(Photo: Unsplash/Annie Spratt)

Many churches have had to make “drastic changes” to their ministry and may not have survived Covid at all if the pandemic had been as bad as originally feared, says Andy Hunter, FIEC’s Scotland & North of England Director.

“Many churches will survive 2020 by ‘the skin of their teeth’,” said in an article on the FIEC website.

“The question is, would they have survived if Covid-19 had been as devastating as first feared or if the severe restrictions had gone on?

“If not, what radical steps might they take now to avoid closure ‘next time’?” 

He said churches needed to consider investing in future leadership and forming new partnerships. 

“There are, of course, no easy options or fixes but not to do anything and just hope that something will turn up is not the lesson to take from 2020.” 

Hunter was recently part of an online discussion involving evangelical pastors in Scotland in which concerns were raised about the long-term viability of smaller fellowships, particularly those that rented community buildings prior to lockdown which they no longer have access to.

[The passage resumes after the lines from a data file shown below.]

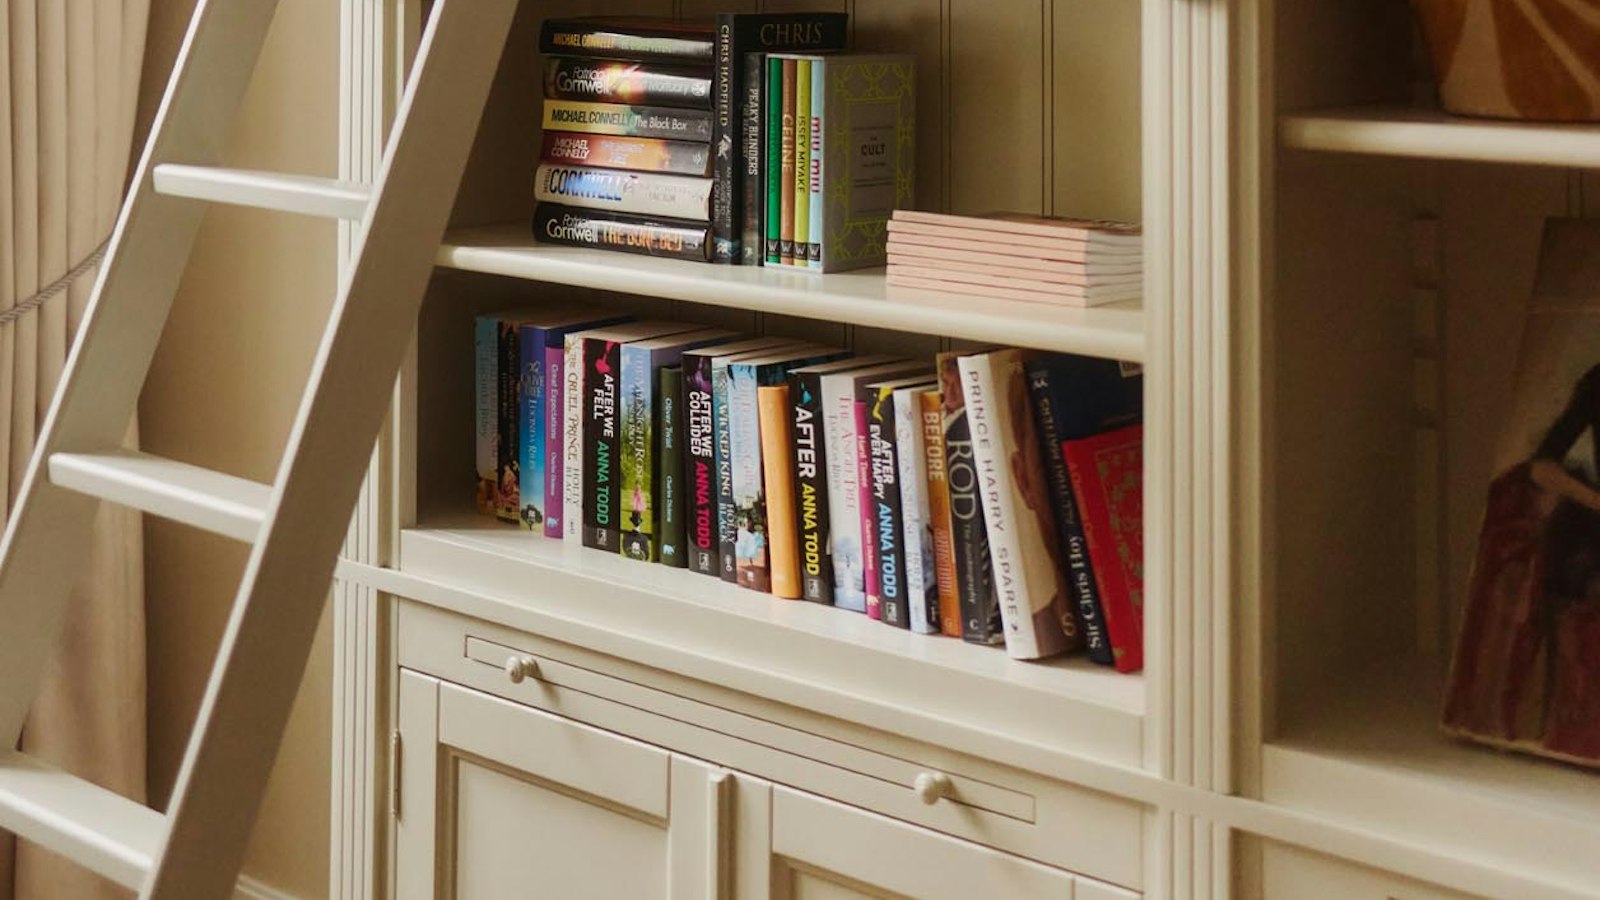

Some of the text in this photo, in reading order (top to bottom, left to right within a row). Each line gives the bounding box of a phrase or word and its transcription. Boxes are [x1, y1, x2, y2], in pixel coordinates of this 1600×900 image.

[760, 22, 823, 46] CHRIS
[556, 71, 611, 95] Cornwell
[719, 24, 730, 127] CHRIS HADFIELD
[552, 110, 632, 126] MICHAEL CONNELLY
[634, 115, 687, 131] The Black Box
[748, 88, 759, 121] PEAKY
[551, 148, 591, 161] CONNELLY
[555, 137, 589, 150] MICHAEL
[748, 125, 759, 176] BLINDERS
[797, 116, 807, 193] ISSEY MIYAKE
[810, 116, 821, 193] miu miu
[860, 144, 886, 156] CULT
[546, 219, 598, 243] Cornwell
[603, 228, 683, 252] THE BONE BED
[549, 363, 558, 440] Great Expectations
[568, 372, 578, 412] CRUEL
[593, 388, 604, 420] FELL
[603, 373, 614, 438] AFTER WE
[567, 414, 579, 461] PRINCE
[664, 397, 673, 449] Oliver Twist
[689, 391, 701, 455] COLLIDED
[701, 391, 712, 457] AFTER WE
[795, 406, 815, 478] AFTER
[596, 440, 609, 483] ANNA
[718, 402, 731, 497] WICKED KING
[858, 435, 868, 487] Hard Times
[869, 424, 885, 500] EVER HAPPY
[881, 439, 894, 484] AFTER
[925, 412, 944, 482] BEFORE
[572, 468, 580, 506] HOLLY
[695, 461, 709, 505] ANNA
[947, 439, 977, 520] ROD
[968, 371, 1018, 617] PRINCE HARRY SPARE
[596, 486, 609, 525] TODD
[719, 503, 727, 545] BLACK
[725, 503, 736, 545] HOLLY
[801, 482, 817, 530] ANNA
[878, 503, 894, 551] ANNA
[696, 508, 710, 548] TODD
[804, 532, 820, 576] TODD
[1067, 535, 1084, 569] Hoy
[882, 554, 897, 598] TODD
[1075, 571, 1095, 620] Chris
[1087, 619, 1102, 649] Sir

READ MORE: Some churches will not survive Covid, Barna president predicts


Some pastors reported a fall in people attending online church activities, and one pastor revealed that church giving had increased despite attendance falling, suggesting that the financial burden is falling increasingly to committed members of the congregation.

Those who have “strong connections” with other church members “have endured the best”, Hunter said, while others with weaker ties are gradually falling away.

“The big spike in online viewing has waned – one leader spoke of watching his church website visitor numbers slowly fall week by week,” Hunter said.

“The fringe of those more loosely connected to church feels increasingly frayed as their visibility and participation seems to diminish.”

Despite the challenges, Hunter said the pandemic had created “new and exciting opportunities” for churches to serve and connect with their communities, 

“People have come to faith through volunteering in church-run social care activities,” he said. 

“There is some evidence of a new openness to the gospel with people joining online courses to ask the big questions about life.

“Local agencies and politicians have appreciated the work and prayers of churches for them and Scottish communities.”